OtherSources include: Associated Press (AP), Dow Jones (DJ), Japan Times, Los Angeles Times (LAT), New York Times (NYT), Oil Daily (OD), Reuters, USA Today (USAT), Wall Street Journal (WSJ), Washington Post (WP), World Markets Research Center (WMRC).

[edit] 2004

  • January 18: Saudi Aramco formally inaugurates its new Haradh oil and natural gas facility. The Haradh plant is expected to boost Saudi natural gas production capacity by roughly 25%, most of which is slated for the domestic market. The Haradh facility also includes a gas-oil separation plant capable of processing 300,000 bbl/d, as well as infrastructure for delivering up to 170,000 bbl/d of condensates to the Kingdom’s Abqaiq processing facility. Developing the country’s relatively untapped natural gas potential could allow more oil to be allocated for export in the future. (Reuters, LAT, Platts)
  • January 22: U.S. Secretary of the Interior Gale Norton approves a plan to open parts of Alaska’s North Slope to oil exploration and drilling. Nine million acres (36,000 km²) of Alaska’s National Petroleum Reserve will be opened to long-term production. The site lies adjacent to the Arctic National Wildlife Refuge, which remains closed to oil and gas drilling. (WP)
  • February 11: OPEC delegates meeting in Algiers agree to lower the cartel’s output ceiling by 1 million barrels per day, to 23.5 million barrels per day, effective April 1. OPEC members also urge immediate compliance with the existing OPEC ceiling, as overproduction has been estimated at roughly 1.5 million barrels per day. Assuming full quota compliance, the decision could remove a total of 2.5 million barrels per day from the world market in April. (NYT, WSJ)

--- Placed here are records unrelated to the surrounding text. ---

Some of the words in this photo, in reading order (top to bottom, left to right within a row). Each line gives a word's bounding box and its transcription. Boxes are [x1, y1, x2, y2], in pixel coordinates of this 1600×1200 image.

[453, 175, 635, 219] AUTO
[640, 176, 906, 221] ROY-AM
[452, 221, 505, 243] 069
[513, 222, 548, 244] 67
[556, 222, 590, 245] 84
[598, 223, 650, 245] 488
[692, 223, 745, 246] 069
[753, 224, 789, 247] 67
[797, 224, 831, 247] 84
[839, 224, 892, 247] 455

  • February 19: The Royal Dutch Shell group announces that the Securities and Exchange Commission (SEC) has begun a formal investigation into the company’s restatement of its oil and gas reserves. On January 9, 2004, Royal Dutch/Shell announced that it had overstated its proven oil and gas reserves by 3.9 billion barrels, or 20% due to overly optimistic assumptions about plans for developing its fields around the world. (NYT)

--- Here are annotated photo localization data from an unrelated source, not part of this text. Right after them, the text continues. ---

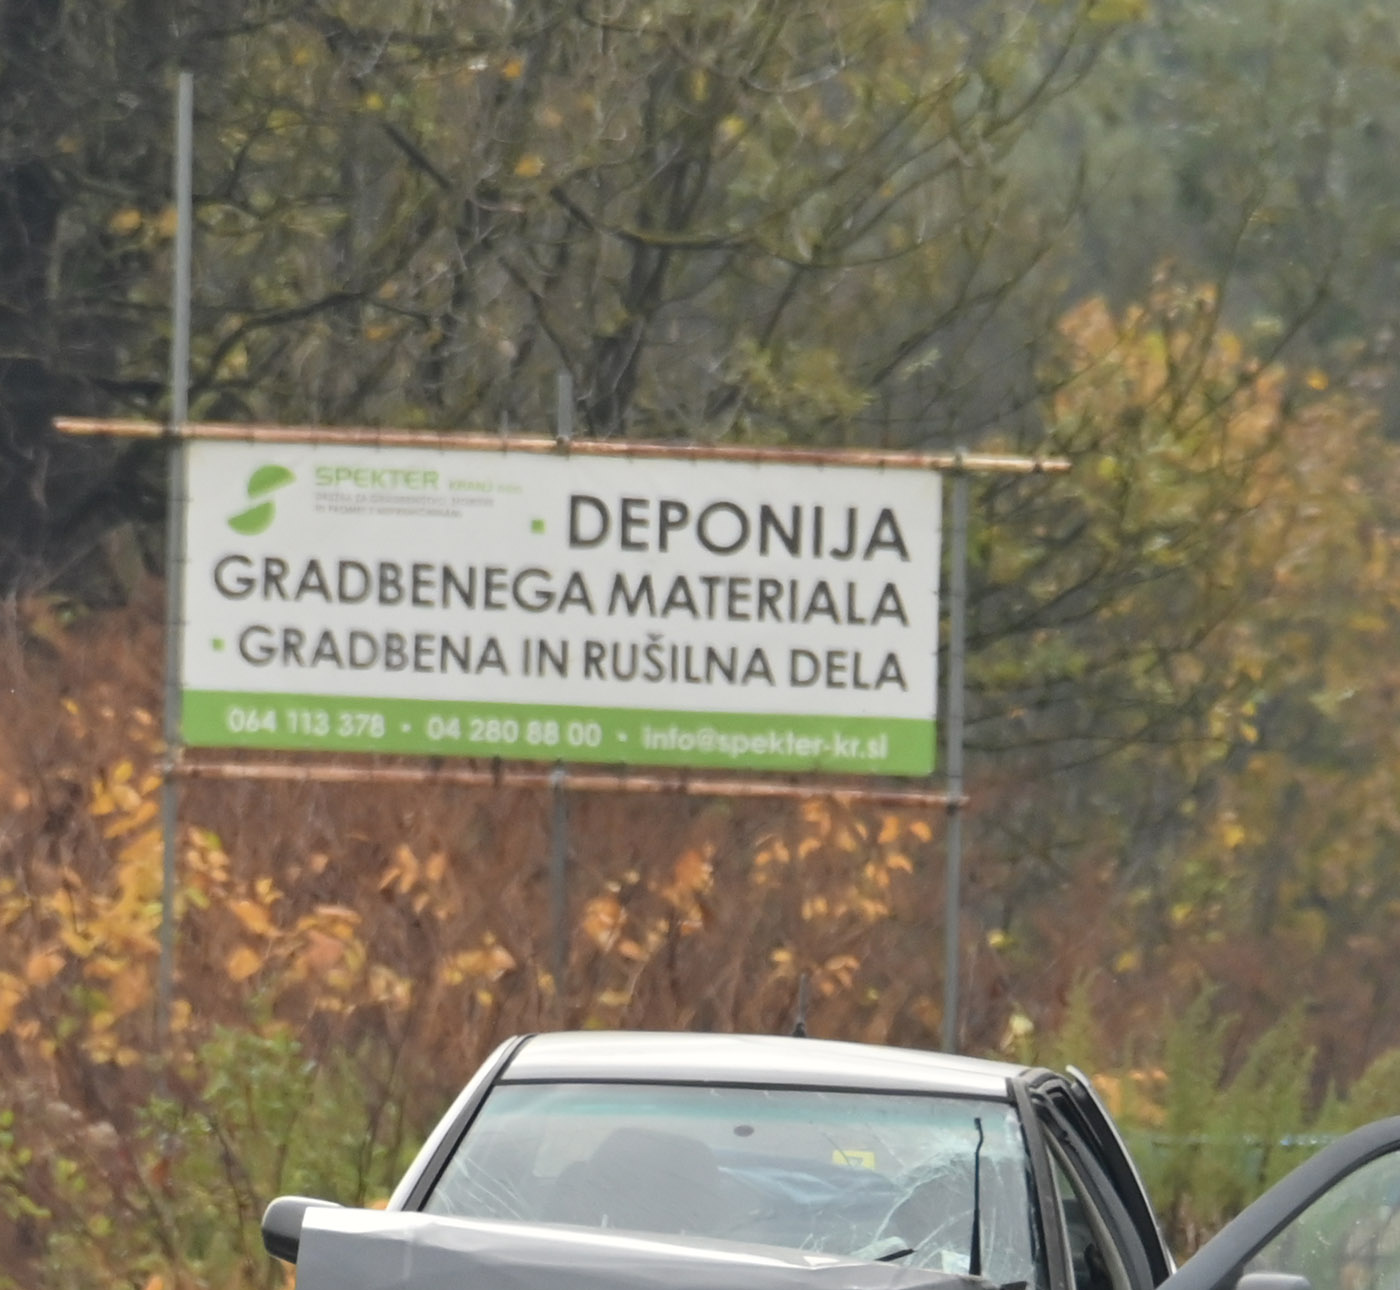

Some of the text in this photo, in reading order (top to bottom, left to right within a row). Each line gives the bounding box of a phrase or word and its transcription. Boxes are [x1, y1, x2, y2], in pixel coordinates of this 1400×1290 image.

[314, 466, 440, 490] SPEKTER
[568, 494, 911, 562] DEPONIJA
[213, 554, 910, 627] GRADBENEGA MATERIALA
[238, 624, 909, 692] GRADBENA IN RUŠILNA DELA
[227, 707, 277, 733] 064
[286, 710, 330, 737] 113
[338, 713, 386, 739] 378
[426, 715, 461, 740] 04
[469, 718, 519, 744] 280
[526, 719, 560, 745] 88
[567, 721, 602, 748] 00

  • February 25: Total (France) and Petronas (Malaysia) sign an estimated $2 billion agreement with the National Iranian Oil Company to build Iran’s first liquefied natural gas (LNG) export facility. The two-train facility will have a capacity of 390 billion cubic feet per year, with natural gas to come from Iran’s South Pars field. Production of LNG is expected to begin in 2009. Iran holds the world’s second largest natural gas reserves—after Russia—and development of LNG facilities would allow the country to export gas around the world. (WMRC)

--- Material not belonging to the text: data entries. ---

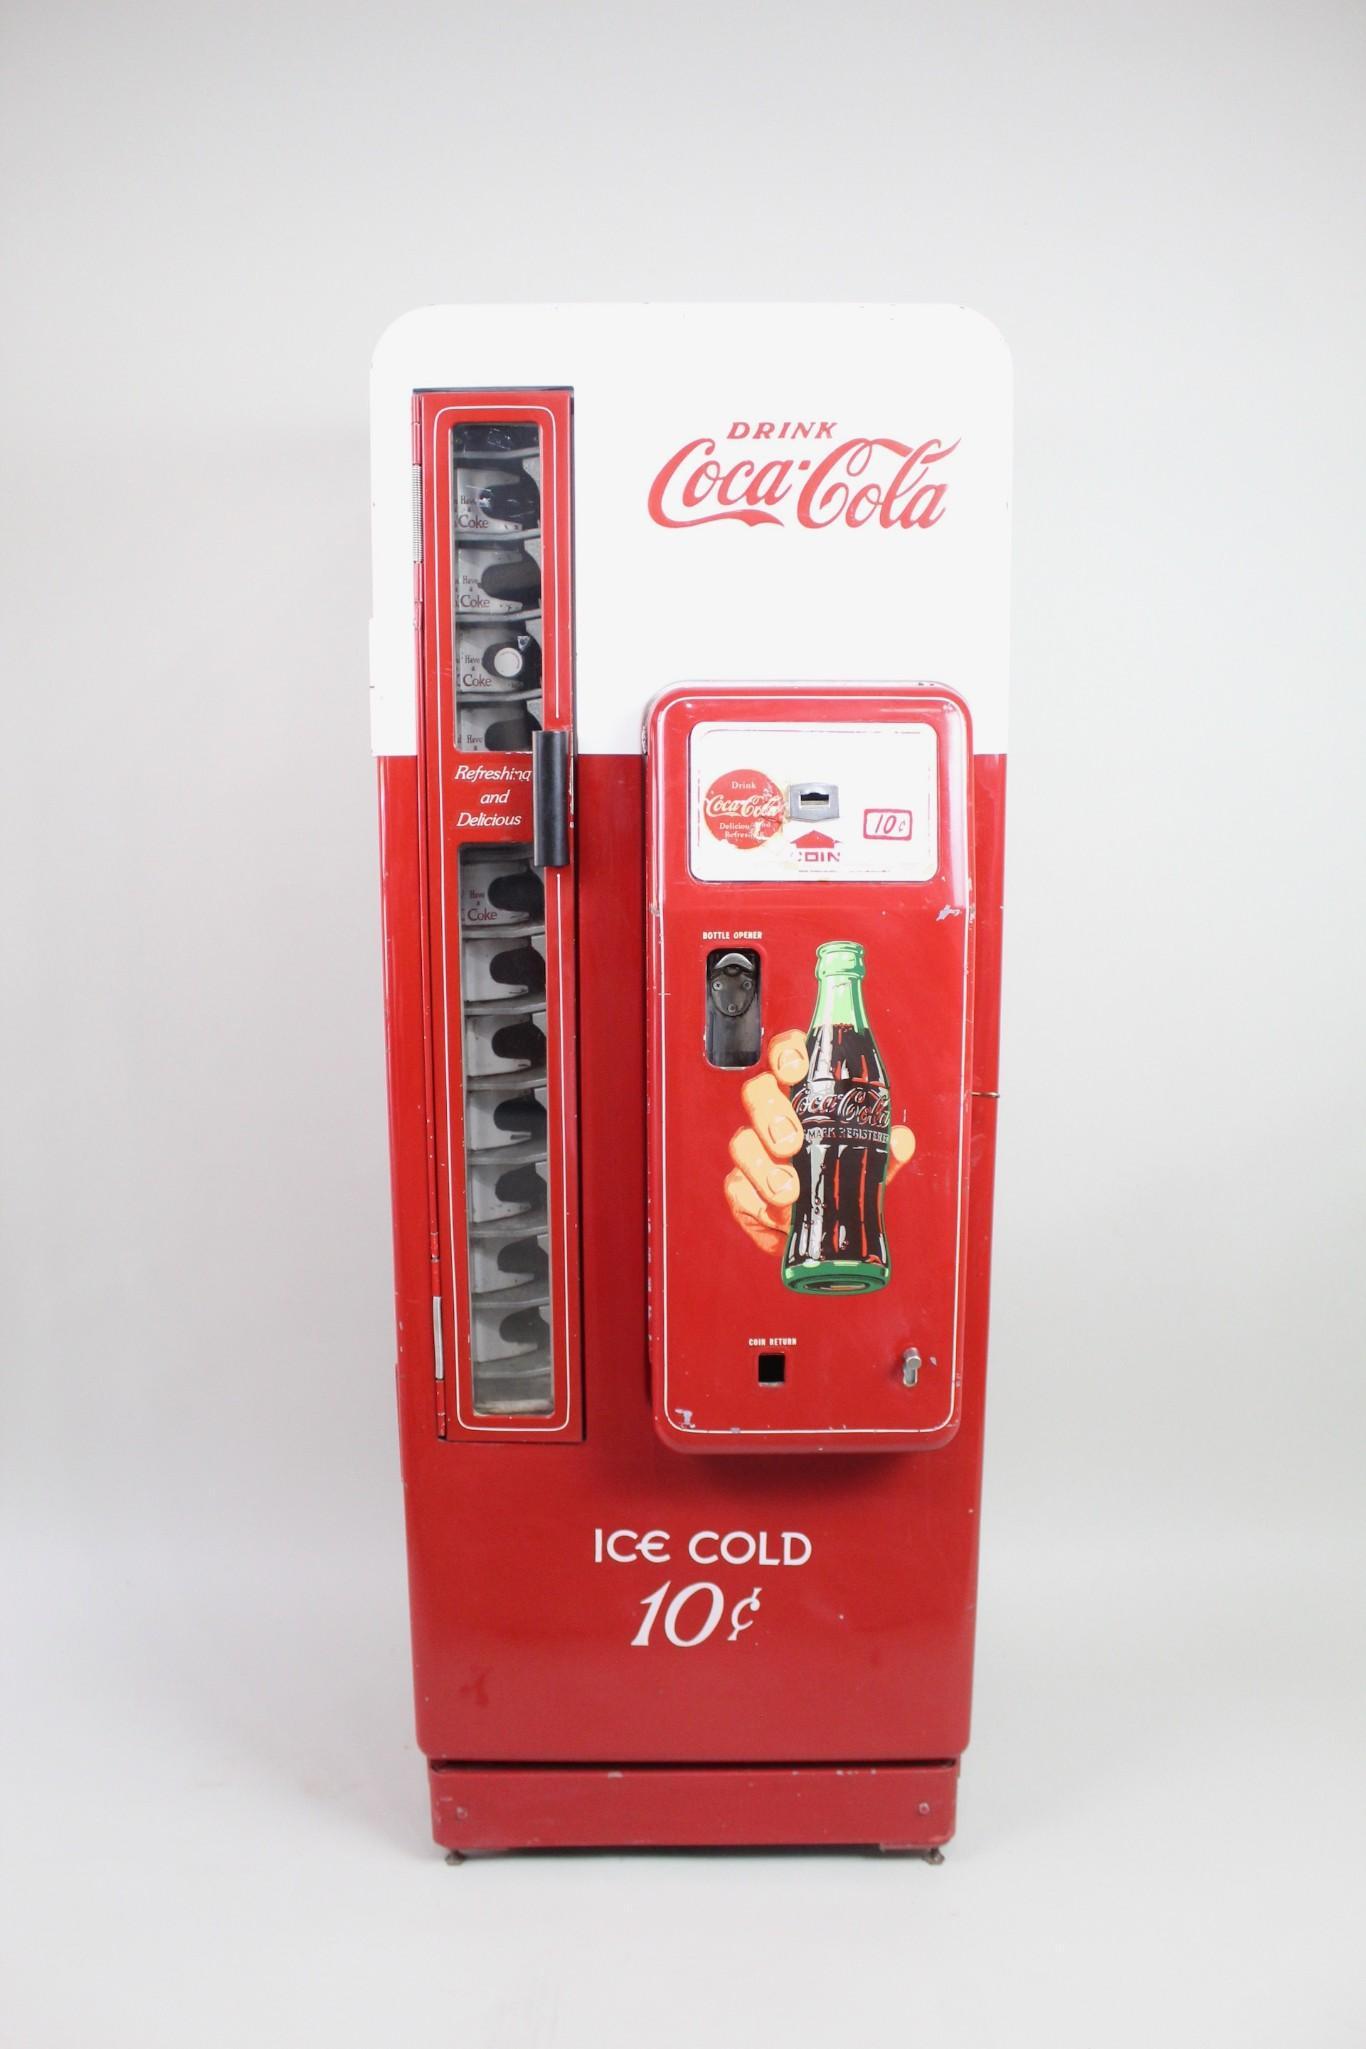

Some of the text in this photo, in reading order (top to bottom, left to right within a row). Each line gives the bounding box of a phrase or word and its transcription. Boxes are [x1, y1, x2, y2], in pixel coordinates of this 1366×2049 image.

[726, 421, 839, 440] DRINK
[647, 437, 962, 530] Coca-Cola
[458, 513, 489, 529] Coke
[460, 594, 490, 609] Coke
[462, 674, 492, 687] Coke
[731, 780, 757, 790] Drink
[480, 789, 511, 804] and
[456, 812, 522, 827] Delicious
[719, 822, 753, 831] Deliciou
[467, 907, 498, 922] Coke
[702, 931, 763, 940] BOTTLE OPENER
[748, 1337, 797, 1346] COIN RETURN
[594, 1528, 813, 1566] ICE COLD
[630, 1580, 763, 1648] 10¢

  • February 26: The United States rescinds a ban on travel to Libya and authorizes U.S. oil companies with pre-sanctions holdings in Libya to negotiate on their return to the country if and when the United States lifts economic sanctions. The United States first imposed sanctions on Libya in 1986 following terrorist attacks in Rome and Vienna. Several U.S. oil companies were forced to abandon their assets in Libya when sanctions were imposed in 1986, including the “Oasis Group” (Marathon Oil, ConocoPhillips, Amerada Hess) and Occidental Petroleum. (WSJ)
  • March 31: OPEC members unanimously agree to implement the cartel’s oil production cuts effective April 1, as agreed to in February. Relatively high prices for oil and petroleum products had prompted several consuming countries, including the United States, to suggest that OPEC members vote to postpone the cuts and put downward pressure on oil prices. According to the cartel’s official communiqué following the meeting, “Notwithstanding prevailing high prices, the Conference observed that the crude oil market remains more than well supplied as the world moves into the traditionally lower seasonal demand period.” (Reuters)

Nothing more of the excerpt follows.